Although the data on the server is extremely complex (quantum), your graphics card can only render fixed pixels. You can only see a definite image through the screen. Therefore, for players, the effective state of the world is not that complex wave function, but a simple screenshot (classical bit string).

Physical meaning:

This process from “quantum data” to “screen image” is called decoherence in physics. In the code world, this is type casting: To adapt to the client’s limited capabilities, the system forcibly compresses high-dimensional data into low-dimensional images.

2.2.2 Keyboard and Mouse: The Interface of Free Will

The server model is closed, while the client model is interactive. This is an essential difference.

When your character reaches a fork in the road, or when you decide whether to cast a fireball or frostbolt, the client pauses current prediction and sends a query to the external (you in front of the screen).

Definition 2.2.2 (Physical Input Interface)

We define “physical oracle” as an input channel connecting the game character with the real player.

When the game reaches a branch point (like crit or miss, or go left or right), the system doesn’t split into two parallel universes like the server, but initiates a query:

  • Input: Various current probabilities (hit rate, crit rate).
  • Output: A definite red damage number (collapse).

Ontological corollary:

In this model, “free will” and “randomness” are the same thing. They both represent non-algorithmic information flow injected from outside the system (player) into the game. This is not a Bug; this is I/O communication.

2.2.3 Interactive Dynamics: Interrupts and Jumps

With this interface, we can write the client’s running logic. It’s no longer smooth animation, but a hybrid system:

  1. Default mode (prediction/interpolation): When you don’t press keys and nothing major happens, the client predicts the next frame based on previous frame data. This is client-side prediction. This is low-cost inertial evolution.
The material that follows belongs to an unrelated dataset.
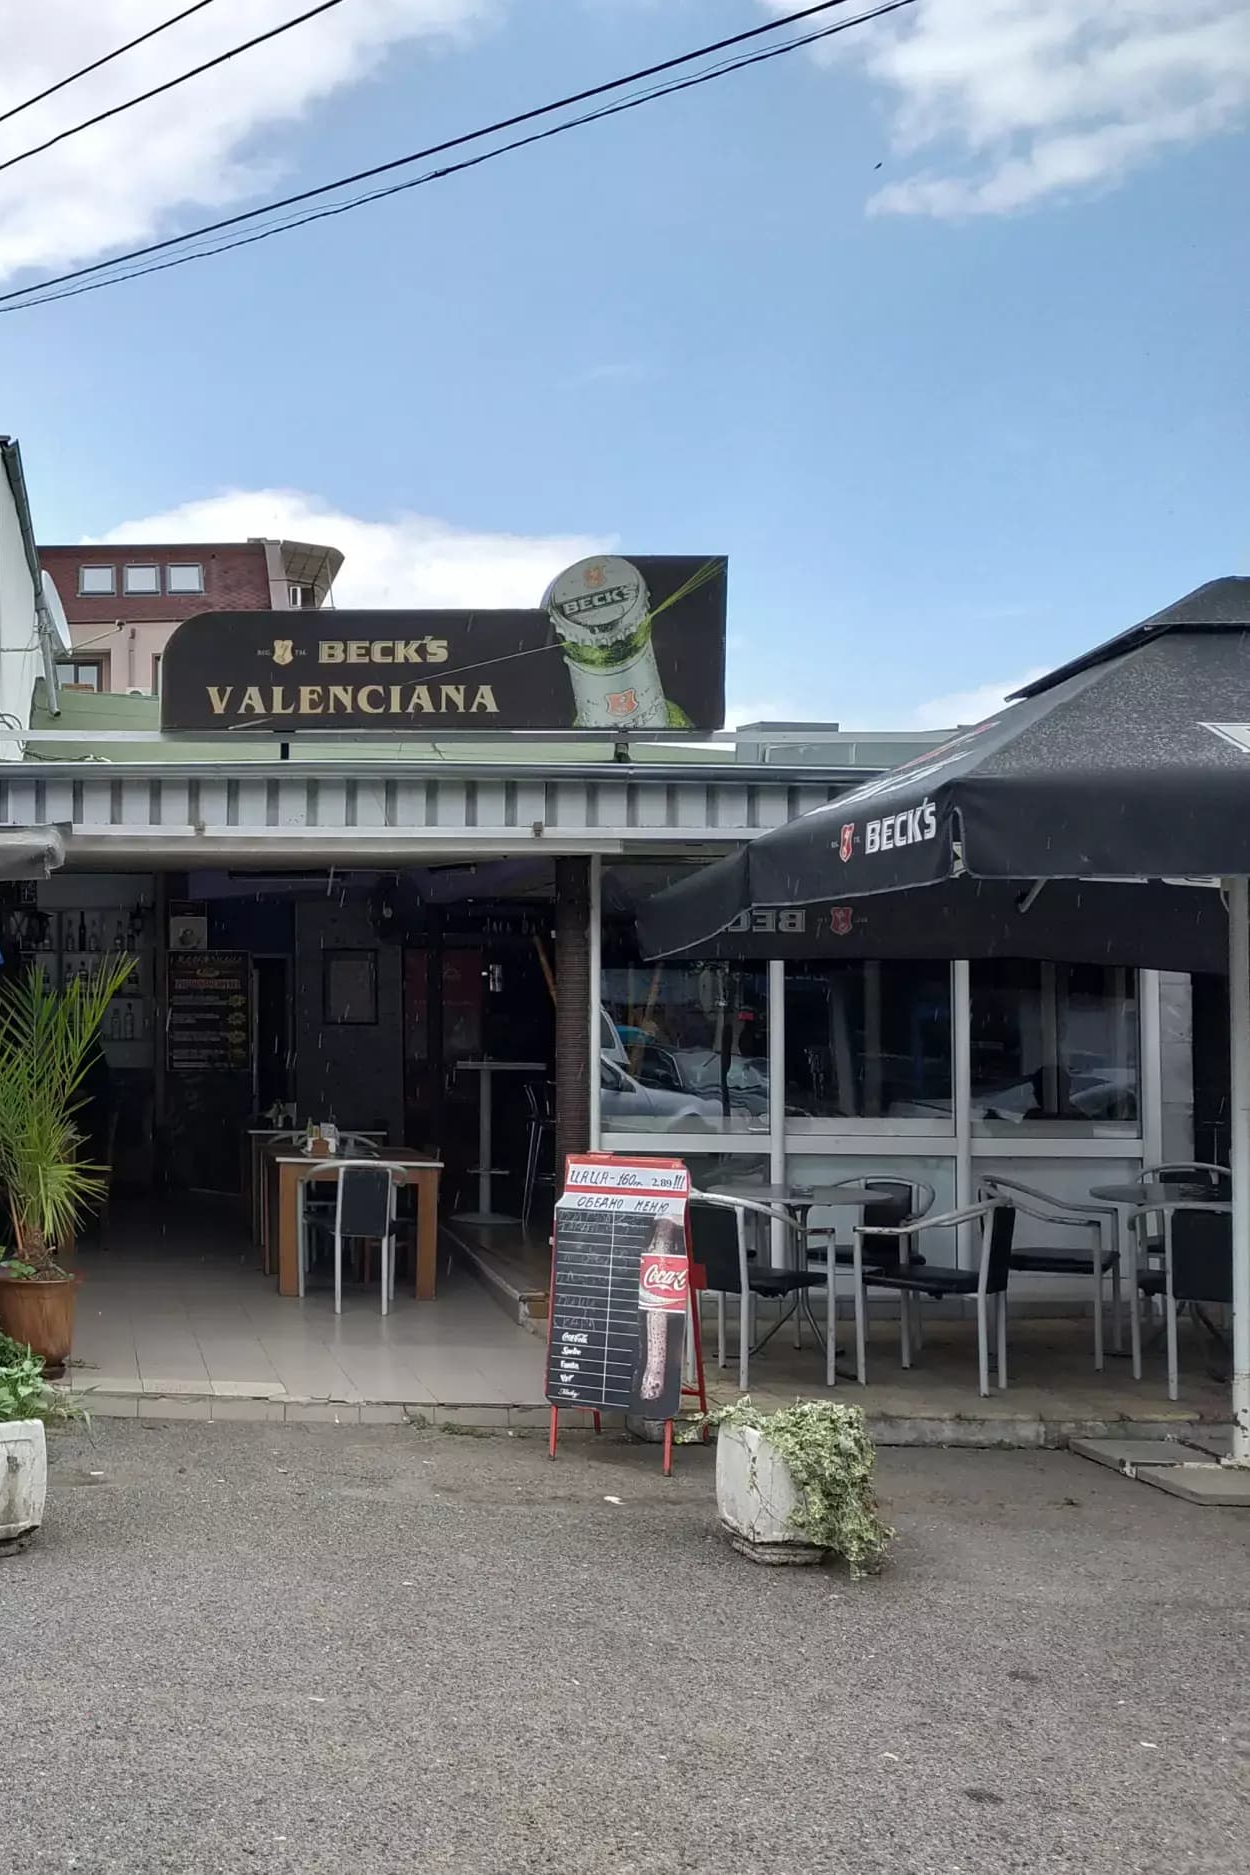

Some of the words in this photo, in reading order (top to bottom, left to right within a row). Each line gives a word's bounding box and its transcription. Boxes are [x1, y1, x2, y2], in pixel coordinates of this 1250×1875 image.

  2. Interactive mode (synchronization/correction): When you press a skill key, or the server sends a data packet about the BOSS casting a skill, client prediction is interrupted. The system forcibly jumps to a new state (like your character suddenly teleports back to the original position, commonly known as “rubber banding”).

This perfectly corresponds to quantum mechanics:

  • Unitary evolution = client prediction.
  • Wave function collapse = receiving server data packet/player input.
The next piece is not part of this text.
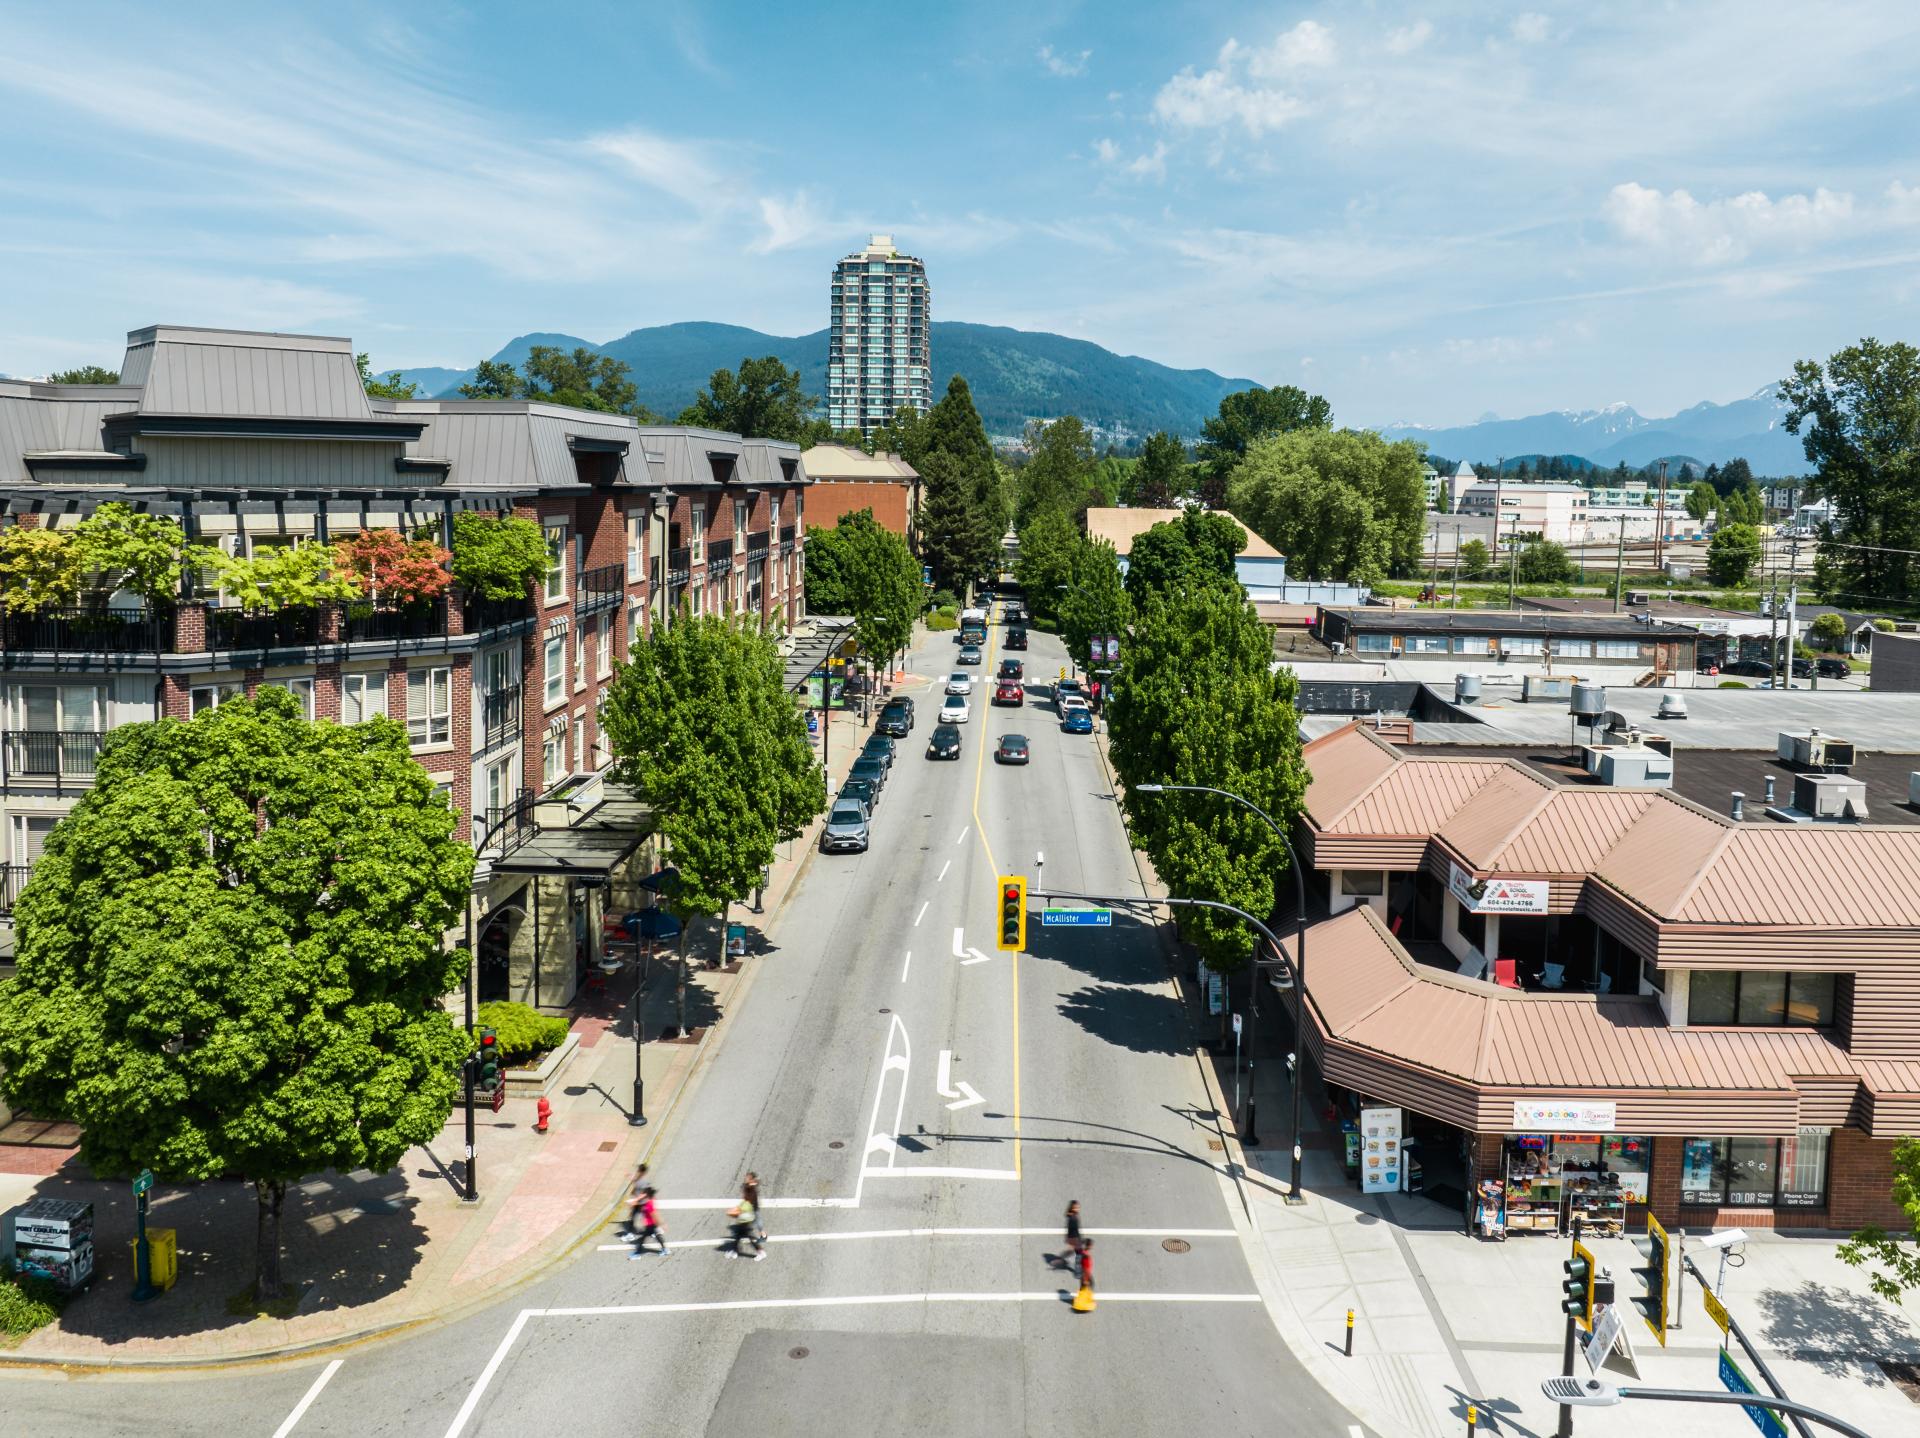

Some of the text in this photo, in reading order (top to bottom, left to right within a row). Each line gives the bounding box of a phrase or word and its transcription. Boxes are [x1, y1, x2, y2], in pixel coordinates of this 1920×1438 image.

2.2.4 Lazy Loading and Dynamic Generation

The server model calculates all possible events, while the client uses lazy evaluation mechanism to render only the part you see.

  • When unobserved: Stormwind is not rendered when you’re in Northrend. It only exists as model files on the hard drive.
  • When observed: Only when you take a ship back to Stormwind Harbor does the graphics card start working frantically, just-in-time compiling (JIT) those buildings and NPCs.

This means: The future is not discovered; the future is generated. Every move you make triggers the system’s generation algorithm, paving the road ahead for you.

2.2.5 Summary: Legitimacy of Player Perspective

The client model tells us to trust our displays:

  1. The world is classical (because screens can’t display superposition states).
  2. The future is open (because you’re playing a game, not watching a recording).
  3. Resources are finite (because we only calculate the history of your current instance).

The core question now is: Is the world seen by this simple client really the same as the world stored in that perfect server?

In the next section, we will prove the most important theorem of the entire book: For every player, as long as they don’t cheat (don’t look at the backend database), these two models are completely indistinguishable.